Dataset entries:
:::

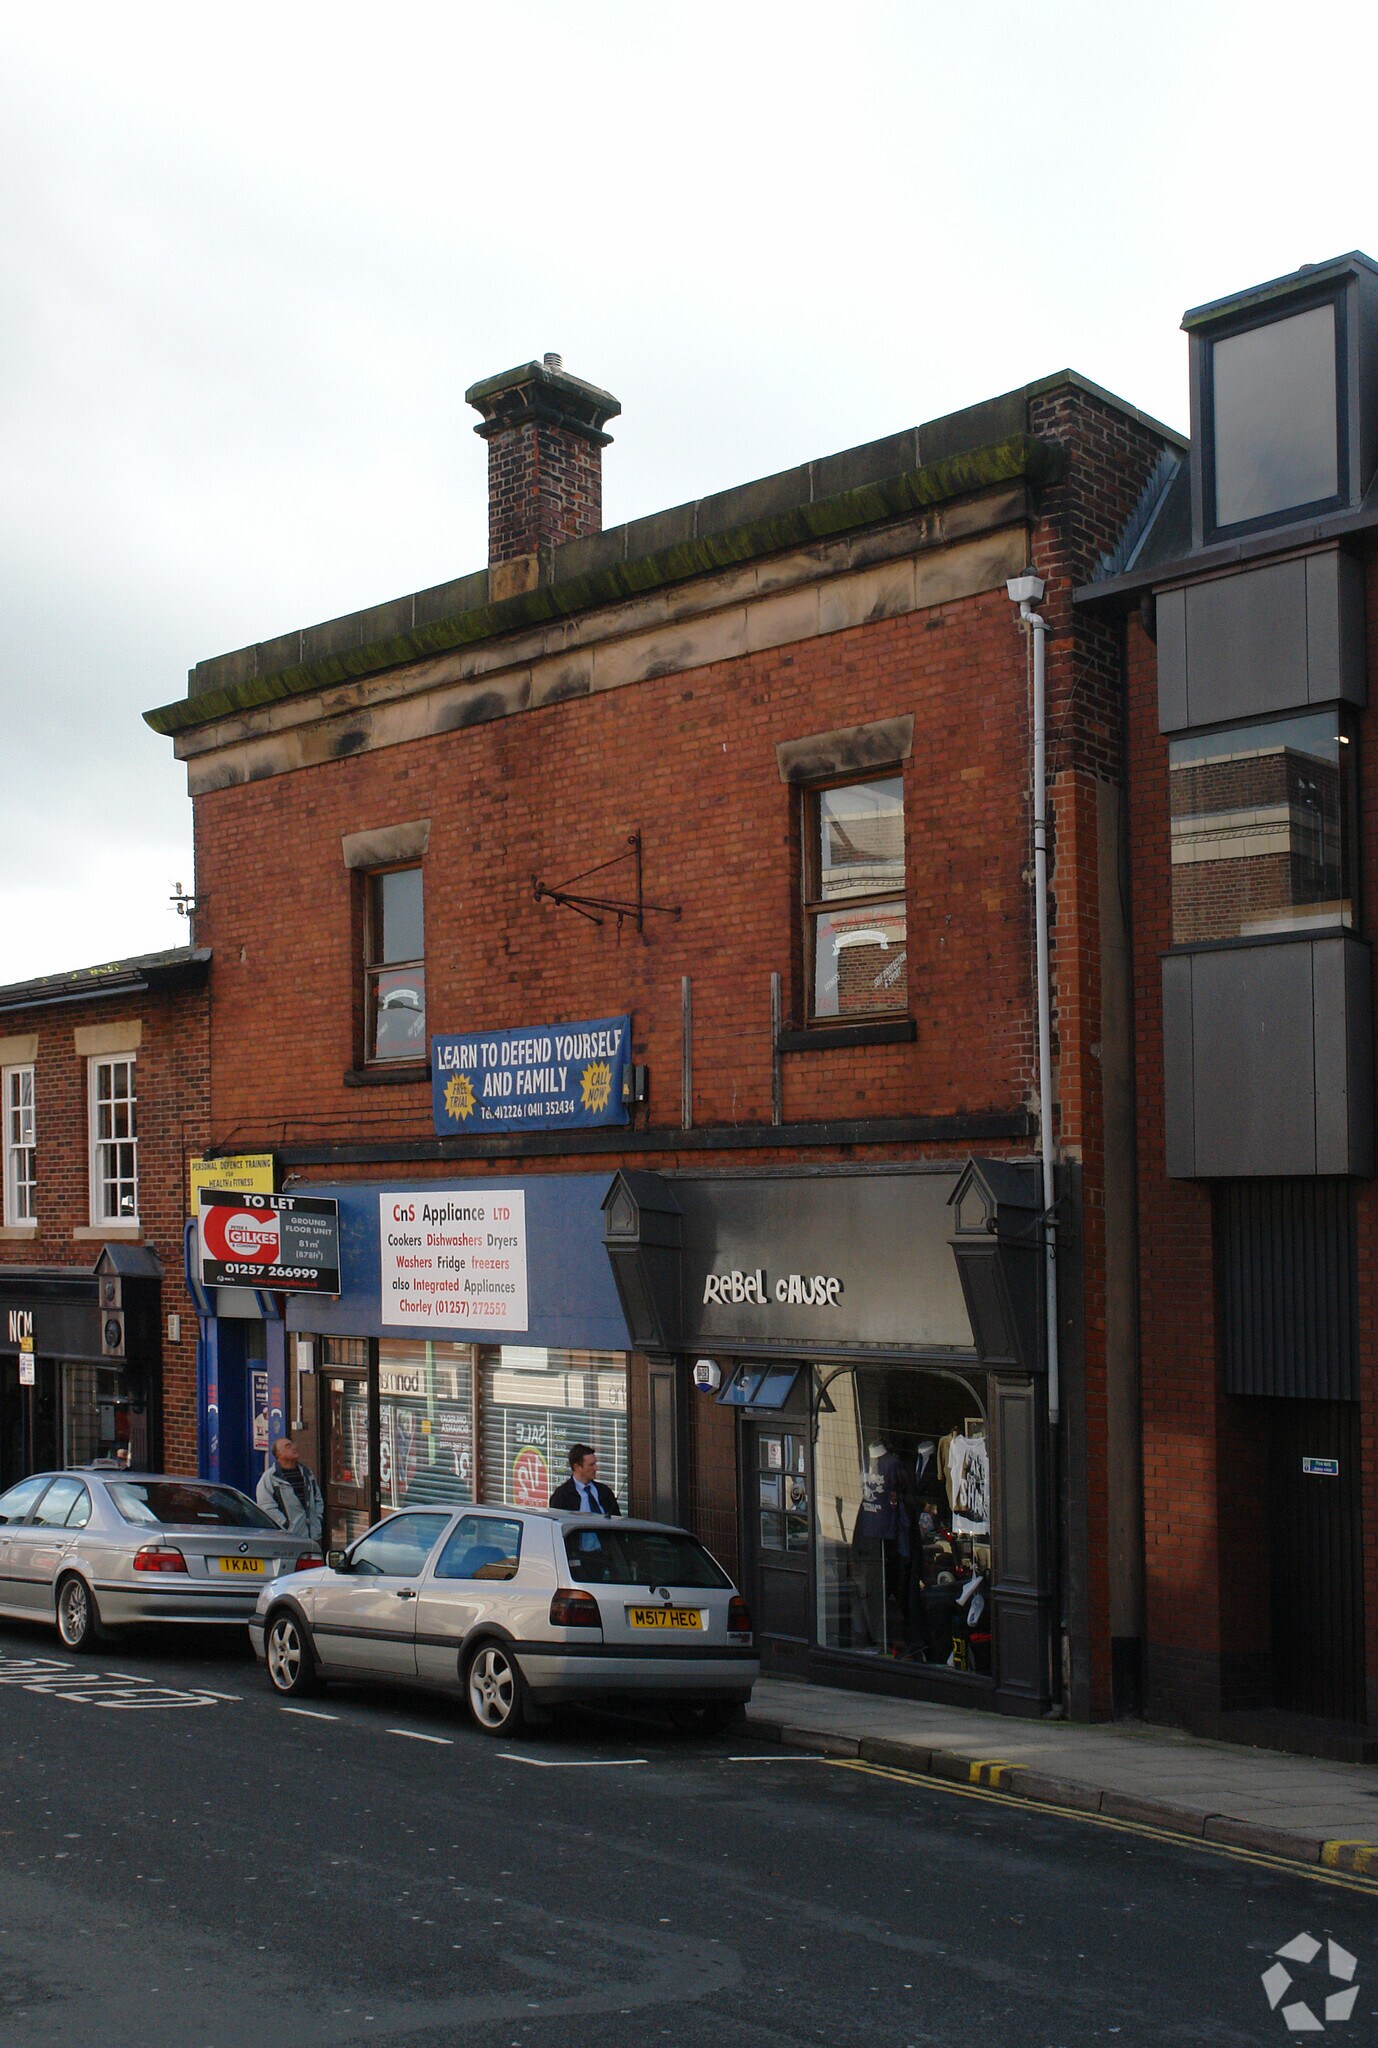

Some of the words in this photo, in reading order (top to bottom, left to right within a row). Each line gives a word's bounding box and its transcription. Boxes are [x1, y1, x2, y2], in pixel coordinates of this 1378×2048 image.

[438, 1044, 477, 1070] LEARN
[481, 1043, 498, 1067] TO
[502, 1037, 551, 1066] DEFEND
[555, 1029, 622, 1061] YOURSELF
[483, 1072, 511, 1097] AND
[516, 1067, 568, 1095] FAMILY
[591, 1071, 608, 1086] CALL
[453, 1082, 467, 1096] FREE
[587, 1088, 606, 1103] NOW
[450, 1096, 469, 1109] TRIAL
[545, 1100, 575, 1115] 352434
[192, 1161, 217, 1171] PERSONAL
[220, 1160, 243, 1170] DEFENCE
[245, 1160, 270, 1169] TRAINING
[209, 1179, 229, 1188] HEALTH
[233, 1178, 254, 1187] FITNESS
[243, 1195, 265, 1207] TO
[270, 1198, 295, 1210] LET
[291, 1217, 326, 1226] GROUND
[393, 1204, 415, 1222] CnS
[423, 1203, 485, 1226] Appliance
[493, 1207, 510, 1221] LTD
[230, 1231, 277, 1245] GILKES
[285, 1225, 311, 1234] FLOOR
[313, 1227, 332, 1236] UNIT
[388, 1233, 422, 1246] Cookers
[427, 1233, 482, 1246] Dishwashers
[487, 1234, 518, 1249] Dryers
[225, 1263, 264, 1275] 01257
[268, 1267, 318, 1279] 266999
[396, 1255, 433, 1268] Washers
[438, 1256, 466, 1272] Fridge
[471, 1256, 510, 1270] freezers
[392, 1277, 410, 1290] also
[413, 1278, 460, 1294] Integrated
[464, 1279, 515, 1295] Appliances
[400, 1299, 432, 1316] Chorley
[435, 1300, 470, 1317] (01257)
[635, 1611, 666, 1625] M517
[670, 1612, 697, 1626] HEC
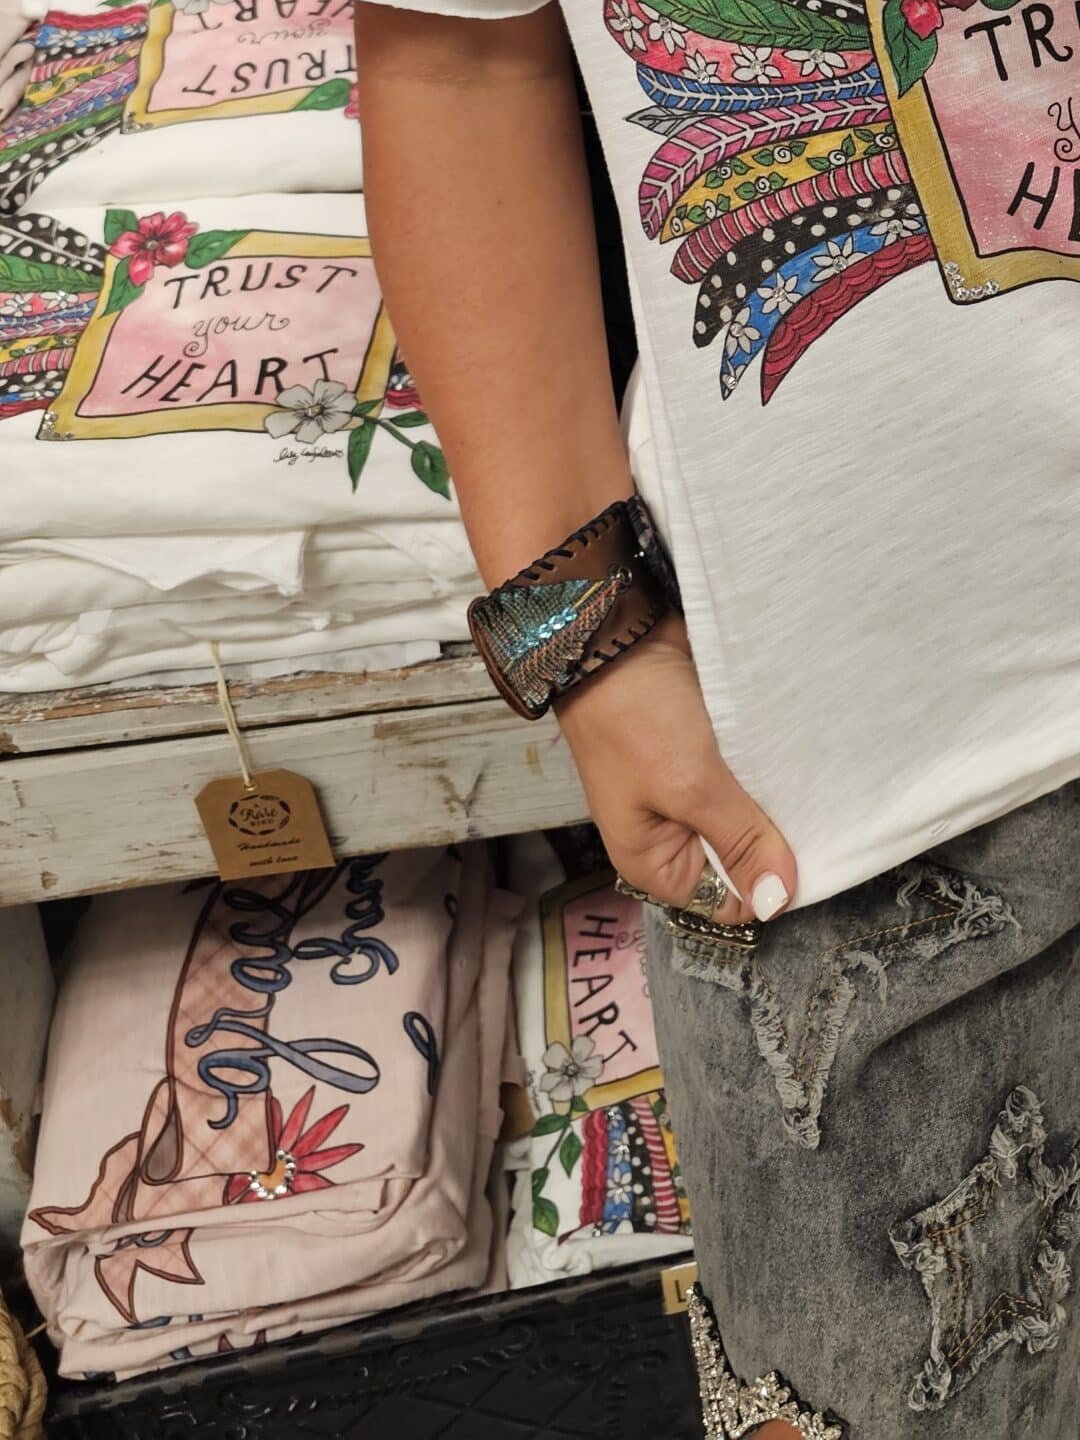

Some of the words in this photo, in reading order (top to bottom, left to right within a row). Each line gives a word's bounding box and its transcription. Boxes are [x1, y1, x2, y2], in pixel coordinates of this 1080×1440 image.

[163, 262, 358, 310] TRUST
[182, 311, 291, 359] your
[120, 347, 339, 403] HEART
[571, 914, 638, 1065] HEART

:::

▶ _Work required_
The entries above should be written out in full, and any picture in them left out.

▶ _Your solution_
Some of the words in this photo, in reading order (top to bottom, left to right within a row). Each line gives a word's bounding box and its transcription. Boxes are [x1, y1, x2, y2], in pixel coordinates of this 1378×2048 image.

[438, 1044, 477, 1070] LEARN
[481, 1043, 498, 1067] TO
[502, 1037, 551, 1066] DEFEND
[555, 1029, 622, 1061] YOURSELF
[483, 1072, 511, 1097] AND
[516, 1067, 568, 1095] FAMILY
[591, 1071, 608, 1086] CALL
[453, 1082, 467, 1096] FREE
[587, 1088, 606, 1103] NOW
[450, 1096, 469, 1109] TRIAL
[545, 1100, 575, 1115] 352434
[192, 1161, 217, 1171] PERSONAL
[220, 1160, 243, 1170] DEFENCE
[245, 1160, 270, 1169] TRAINING
[209, 1179, 229, 1188] HEALTH
[233, 1178, 254, 1187] FITNESS
[243, 1195, 265, 1207] TO
[270, 1198, 295, 1210] LET
[291, 1217, 326, 1226] GROUND
[393, 1204, 415, 1222] CnS
[423, 1203, 485, 1226] Appliance
[493, 1207, 510, 1221] LTD
[230, 1231, 277, 1245] GILKES
[285, 1225, 311, 1234] FLOOR
[313, 1227, 332, 1236] UNIT
[388, 1233, 422, 1246] Cookers
[427, 1233, 482, 1246] Dishwashers
[487, 1234, 518, 1249] Dryers
[225, 1263, 264, 1275] 01257
[268, 1267, 318, 1279] 266999
[396, 1255, 433, 1268] Washers
[438, 1256, 466, 1272] Fridge
[471, 1256, 510, 1270] freezers
[392, 1277, 410, 1290] also
[413, 1278, 460, 1294] Integrated
[464, 1279, 515, 1295] Appliances
[400, 1299, 432, 1316] Chorley
[435, 1300, 470, 1317] (01257)
[635, 1611, 666, 1625] M517
[670, 1612, 697, 1626] HEC

Some of the words in this photo, in reading order (top to bottom, left to right within a row). Each line gives a word's bounding box and its transcription. Boxes are [x1, y1, x2, y2], in pixel coordinates of this 1080×1440 image.

[163, 262, 358, 310] TRUST
[182, 311, 291, 359] your
[120, 347, 339, 403] HEART
[571, 914, 638, 1065] HEART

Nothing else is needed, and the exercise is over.